→ Work instructions:
Your task is to restate exactly the lines from the one holding "Some of the text" to the end of the entries below, inclusive.

→ Data for review:
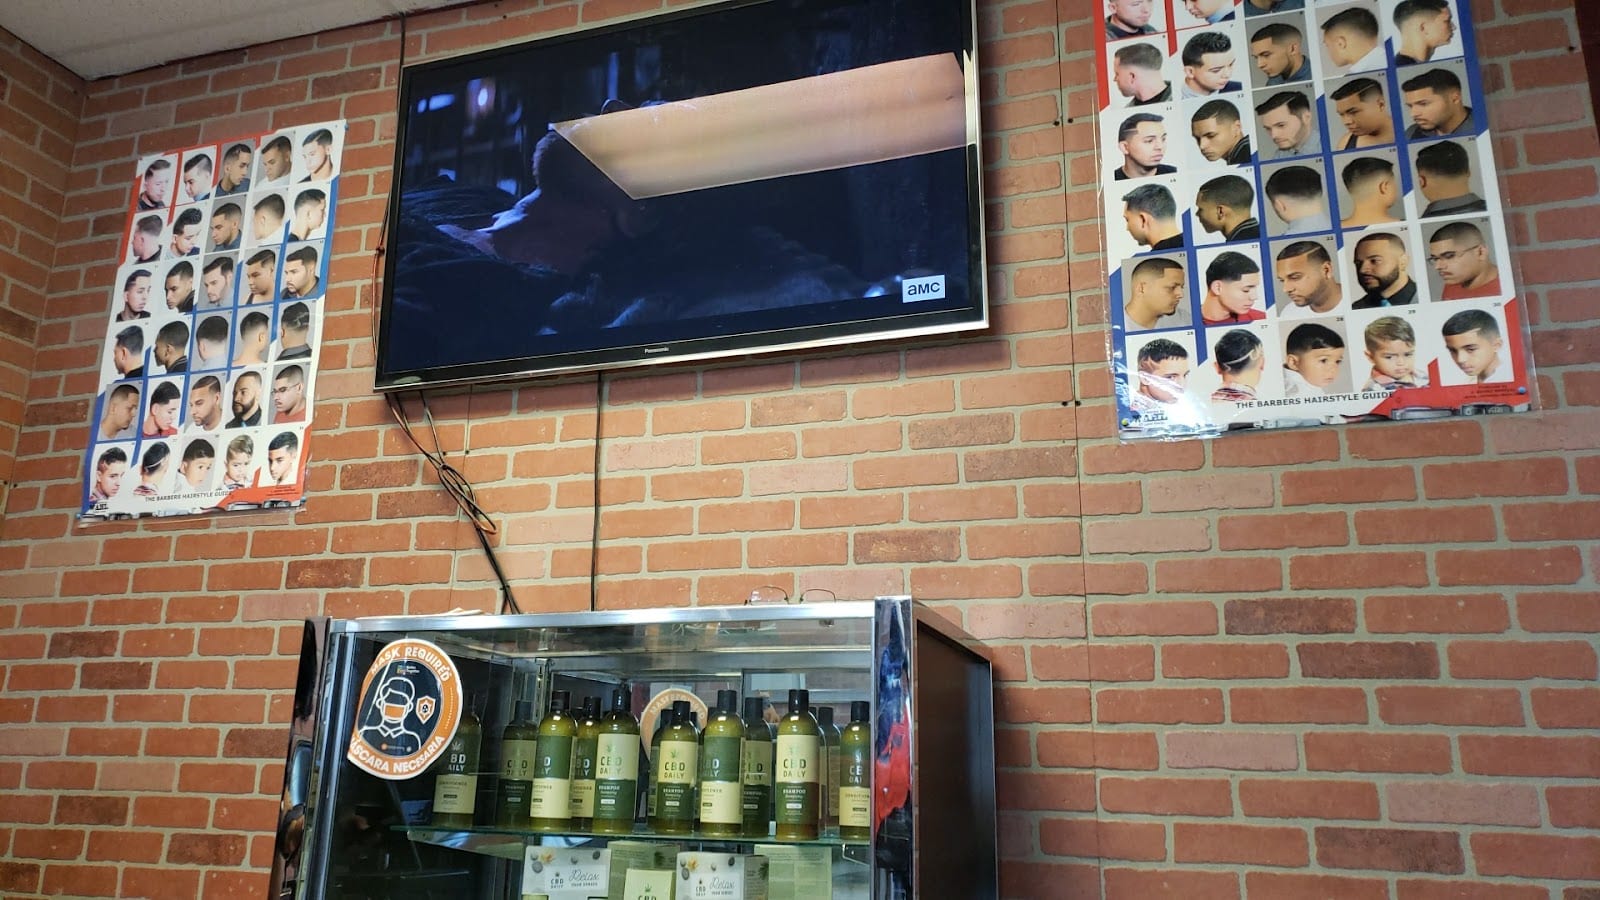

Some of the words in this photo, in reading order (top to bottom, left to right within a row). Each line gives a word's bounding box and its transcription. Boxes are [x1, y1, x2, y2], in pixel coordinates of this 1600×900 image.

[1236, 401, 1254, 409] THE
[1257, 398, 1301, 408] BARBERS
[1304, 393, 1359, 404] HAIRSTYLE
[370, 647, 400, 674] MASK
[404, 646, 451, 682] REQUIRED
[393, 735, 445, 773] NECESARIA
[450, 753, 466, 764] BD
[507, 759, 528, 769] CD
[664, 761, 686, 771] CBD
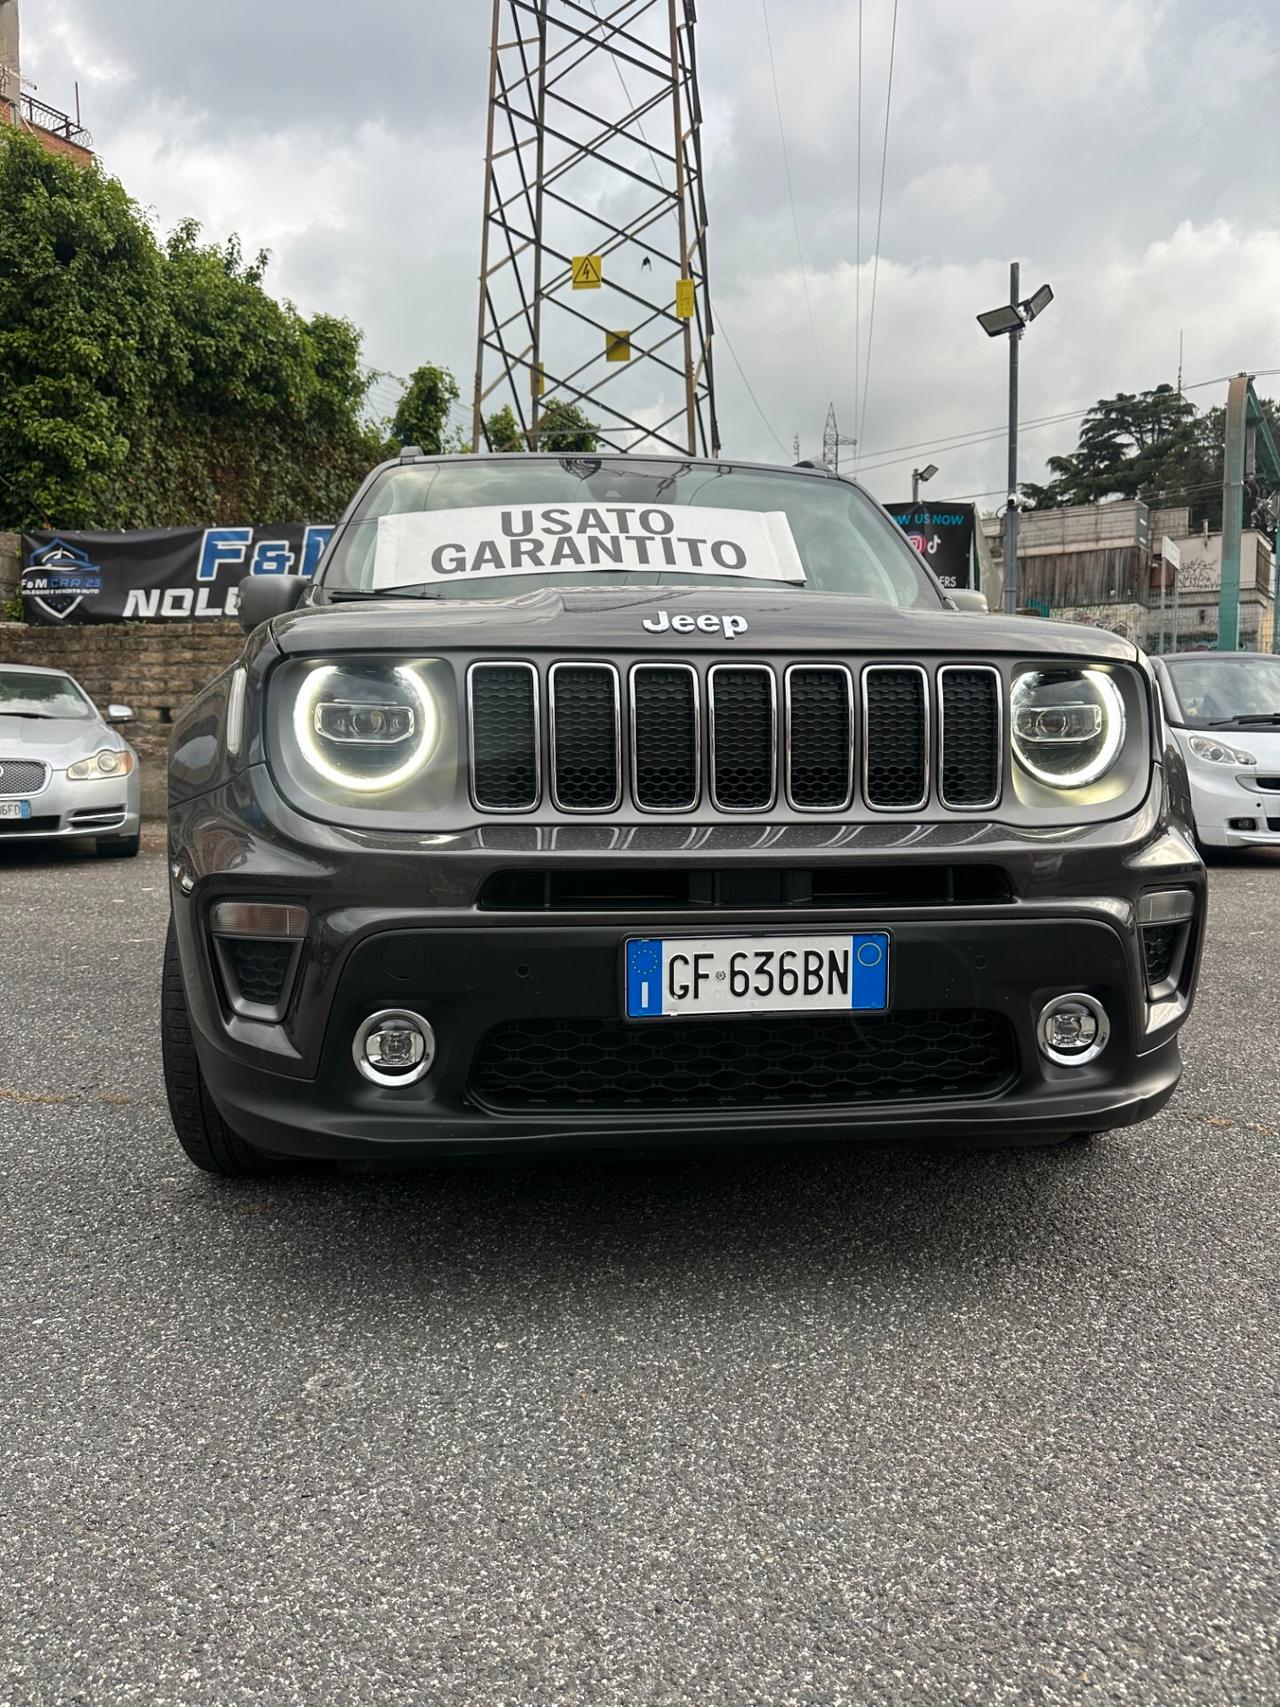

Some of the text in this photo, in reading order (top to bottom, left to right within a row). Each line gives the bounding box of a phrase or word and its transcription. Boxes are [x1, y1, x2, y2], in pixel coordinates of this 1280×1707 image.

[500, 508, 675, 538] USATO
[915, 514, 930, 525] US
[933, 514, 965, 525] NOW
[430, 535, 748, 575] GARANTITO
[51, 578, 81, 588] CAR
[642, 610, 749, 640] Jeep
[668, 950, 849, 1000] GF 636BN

→ Problem solution:
Some of the text in this photo, in reading order (top to bottom, left to right within a row). Each line gives the bounding box of a phrase or word and its transcription. Boxes are [x1, y1, x2, y2], in pixel coordinates of this 1280×1707 image.

[500, 508, 675, 538] USATO
[915, 514, 930, 525] US
[933, 514, 965, 525] NOW
[430, 535, 748, 575] GARANTITO
[51, 578, 81, 588] CAR
[642, 610, 749, 640] Jeep
[668, 950, 849, 1000] GF 636BN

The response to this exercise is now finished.